§ Requirement
Nothing but the images is to be left out of your exact copy of the entries.

———

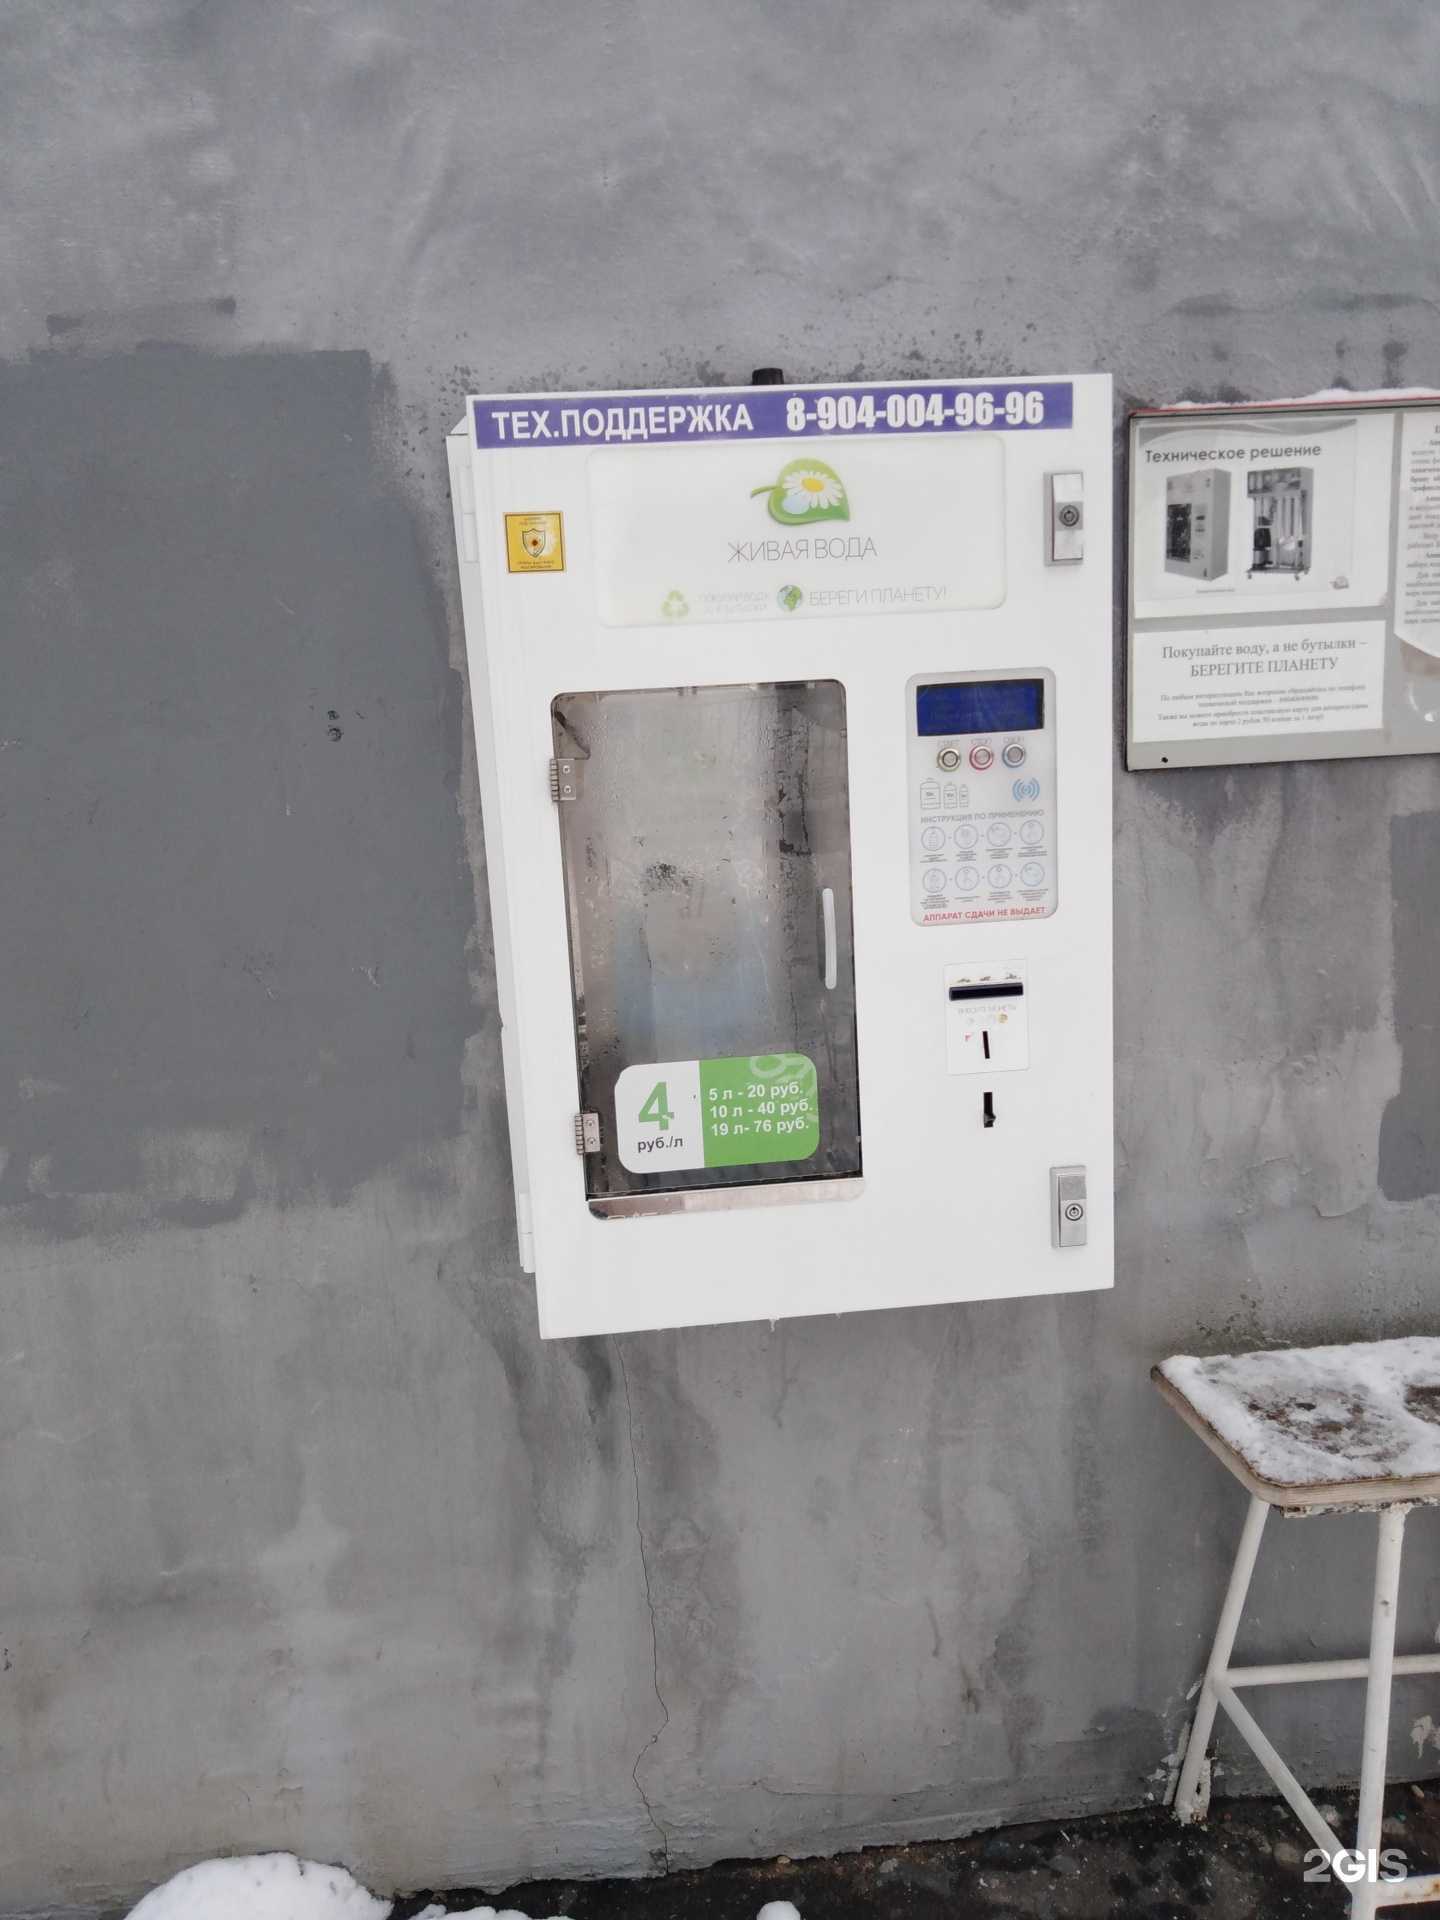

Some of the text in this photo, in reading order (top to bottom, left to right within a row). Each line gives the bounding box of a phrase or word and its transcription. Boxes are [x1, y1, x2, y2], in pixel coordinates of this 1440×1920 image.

[491, 391, 1045, 441] ТЕХ.ПОДДЕРЖКА 8-904-004-96-96
[1145, 445, 1322, 464] Техническое решение
[727, 536, 878, 562] ЖИВАЯ ВОДА
[809, 586, 947, 607] БЕРЕГИ ПЛАНЕТУ!
[1161, 645, 1233, 661] Покупайте
[1235, 645, 1271, 658] воду,
[1272, 643, 1280, 652] а
[1283, 642, 1299, 652] не
[1301, 638, 1357, 654] бутылки
[1190, 657, 1338, 677] БЕРЕГИТЕ ПЛАНЕТУ
[975, 811, 986, 820] ПО
[923, 906, 1045, 922] АППАРАТ СДАЧИ НЕ ВЫДАЕТ
[708, 1088, 718, 1101] 5
[722, 1090, 732, 1100] л
[747, 1085, 765, 1098] 20
[770, 1081, 804, 1099] руб.
[638, 1081, 675, 1131] 4
[710, 1105, 728, 1118] 10
[731, 1106, 743, 1117] л
[757, 1102, 776, 1115] 40
[780, 1098, 813, 1116] руб.
[711, 1123, 728, 1136] 19
[754, 1120, 772, 1133] 76
[776, 1116, 809, 1134] руб.
[637, 1136, 684, 1153] руб./л

———

§ Solved exercise
Some of the text in this photo, in reading order (top to bottom, left to right within a row). Each line gives the bounding box of a phrase or word and its transcription. Boxes are [x1, y1, x2, y2], in pixel coordinates of this 1440×1920 image.

[491, 391, 1045, 441] ТЕХ.ПОДДЕРЖКА 8-904-004-96-96
[1145, 445, 1322, 464] Техническое решение
[727, 536, 878, 562] ЖИВАЯ ВОДА
[809, 586, 947, 607] БЕРЕГИ ПЛАНЕТУ!
[1161, 645, 1233, 661] Покупайте
[1235, 645, 1271, 658] воду,
[1272, 643, 1280, 652] а
[1283, 642, 1299, 652] не
[1301, 638, 1357, 654] бутылки
[1190, 657, 1338, 677] БЕРЕГИТЕ ПЛАНЕТУ
[975, 811, 986, 820] ПО
[923, 906, 1045, 922] АППАРАТ СДАЧИ НЕ ВЫДАЕТ
[708, 1088, 718, 1101] 5
[722, 1090, 732, 1100] л
[747, 1085, 765, 1098] 20
[770, 1081, 804, 1099] руб.
[638, 1081, 675, 1131] 4
[710, 1105, 728, 1118] 10
[731, 1106, 743, 1117] л
[757, 1102, 776, 1115] 40
[780, 1098, 813, 1116] руб.
[711, 1123, 728, 1136] 19
[754, 1120, 772, 1133] 76
[776, 1116, 809, 1134] руб.
[637, 1136, 684, 1153] руб./л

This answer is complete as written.